Bed bugs have been found in homes, apartments, rental units, and even hotels throughout Washington with increasing frequency. Cimex lectularius is the most common species that feed on humans.

Management Strategies:

1) Avoid introducing bed bugs into your home. Homeowners should not acquire second-hand mattresses and upholstered furniture without first quarantining them.

2) Remove or replace any infested furniture, including mattresses, box springs, couches, and upholstered chairs, whenever possible.

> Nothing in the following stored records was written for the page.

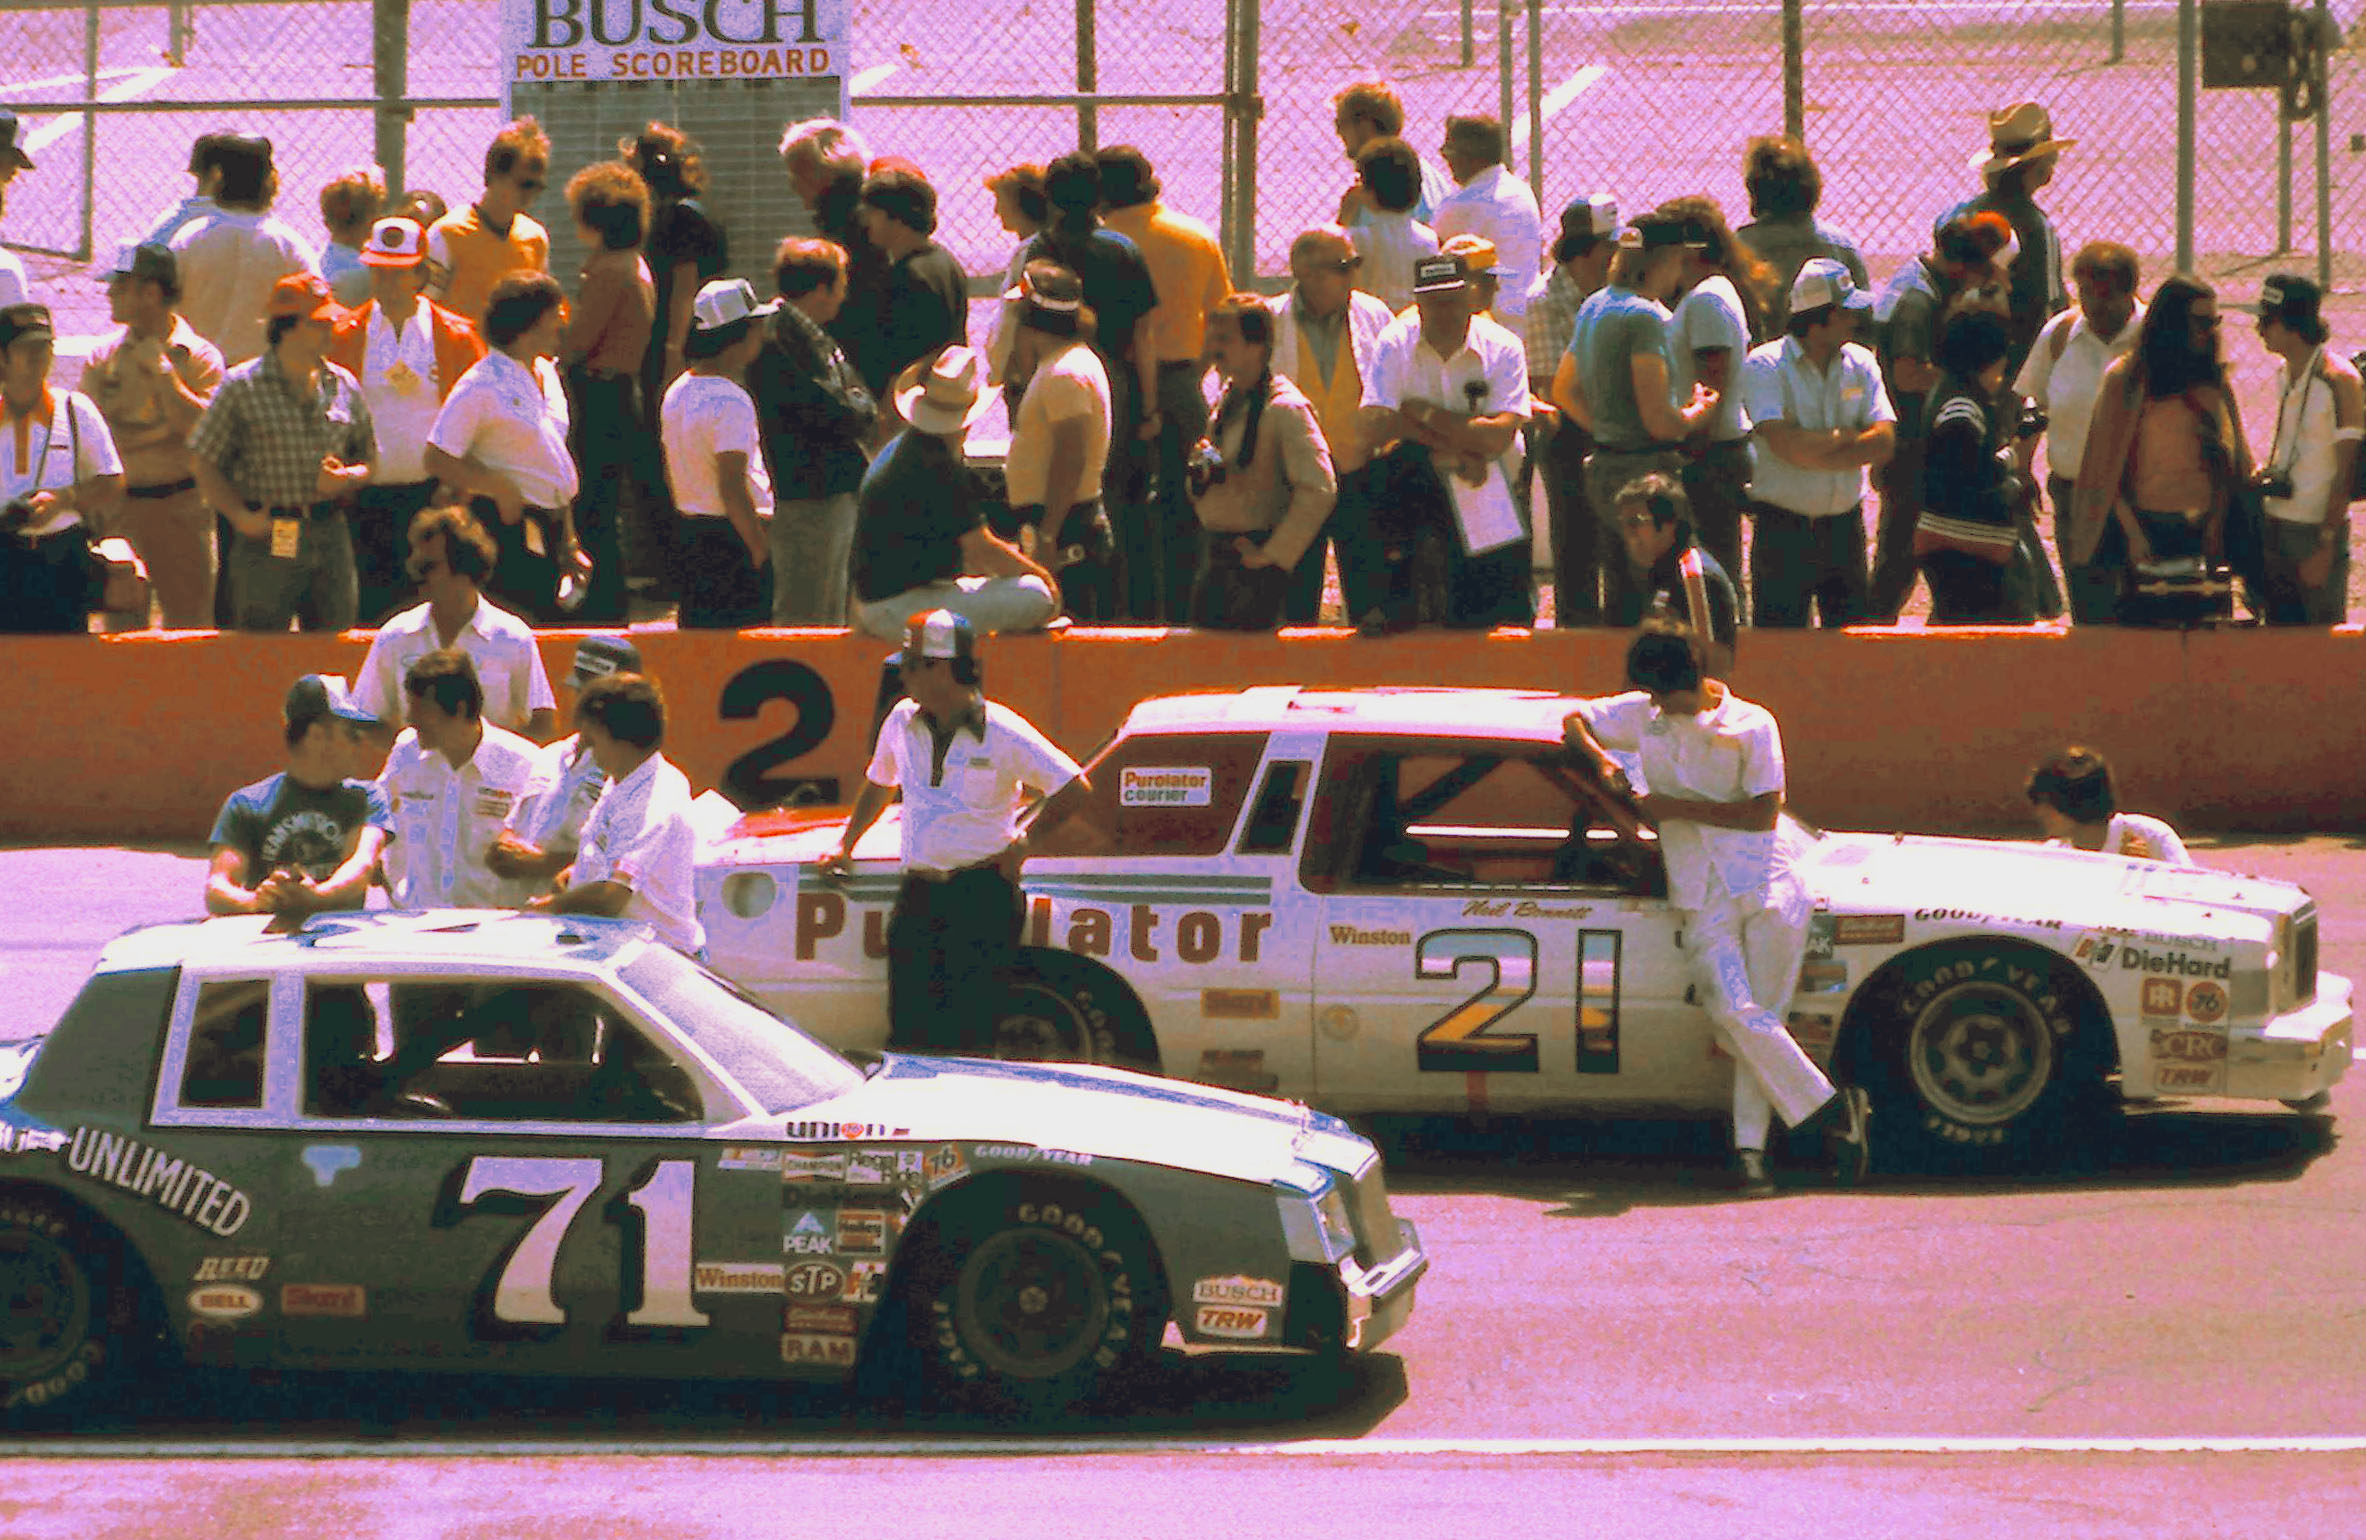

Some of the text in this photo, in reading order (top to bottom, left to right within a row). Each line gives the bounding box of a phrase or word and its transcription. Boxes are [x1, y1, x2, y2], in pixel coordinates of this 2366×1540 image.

[526, 0, 826, 48] BUSCH
[516, 48, 830, 79] POLE SCOREBOARD
[719, 658, 839, 808] 2
[1124, 771, 1207, 788] Purolator
[1124, 788, 1189, 803] courier
[796, 892, 1272, 965] Pulator
[1330, 925, 1411, 944] Winston
[2122, 947, 2231, 979] DieHard
[1416, 927, 1622, 1074] 21
[2159, 1067, 2214, 1085] TRW
[68, 1125, 251, 1237] UNLIMITED
[457, 1154, 713, 1328] 71
[782, 1235, 833, 1254] PEAK
[193, 1256, 271, 1280] REED
[696, 1267, 784, 1290] Winston
[790, 1266, 837, 1295] STP
[201, 1294, 251, 1309] BELL
[1200, 1284, 1277, 1301] BUSCH
[1203, 1309, 1263, 1329] TRW
[786, 1339, 850, 1359] RAM

3) Clean and vacuum furniture and mattresses and wash bedding weekly. This will reduce, although not eliminate, bed bug infestations.

4) Establish a barrier or space between the bed and the floor to further discourage bed bugs from climbing onto the bed (remember bed bugs are wingless and cannot fly).

5) Obtain pesticides labeled for indoor use against bed bugs. Look for an annually revised listing of these products on the WSU Pestsense website at http://pep.wsu.edu/pestsense/.

6) Inspect sleeping areas in rooms adjacent to the infested area since these surprisingly mobile, yet wingless, bugs can move into surrounding areas.

The incidence of bed bugs is on the rise in North America, so precautions to avoid introducing them into your home are prudent. Bring any bugs found during a home inspection or captured on sticky traps or cards to your local Extension office for identification. While there are management strategies that homeowners can take to reduce the incidence of bed bugs in an infested household, the best management strategy is to cooperate with a local pest control professional to eradicate the problem.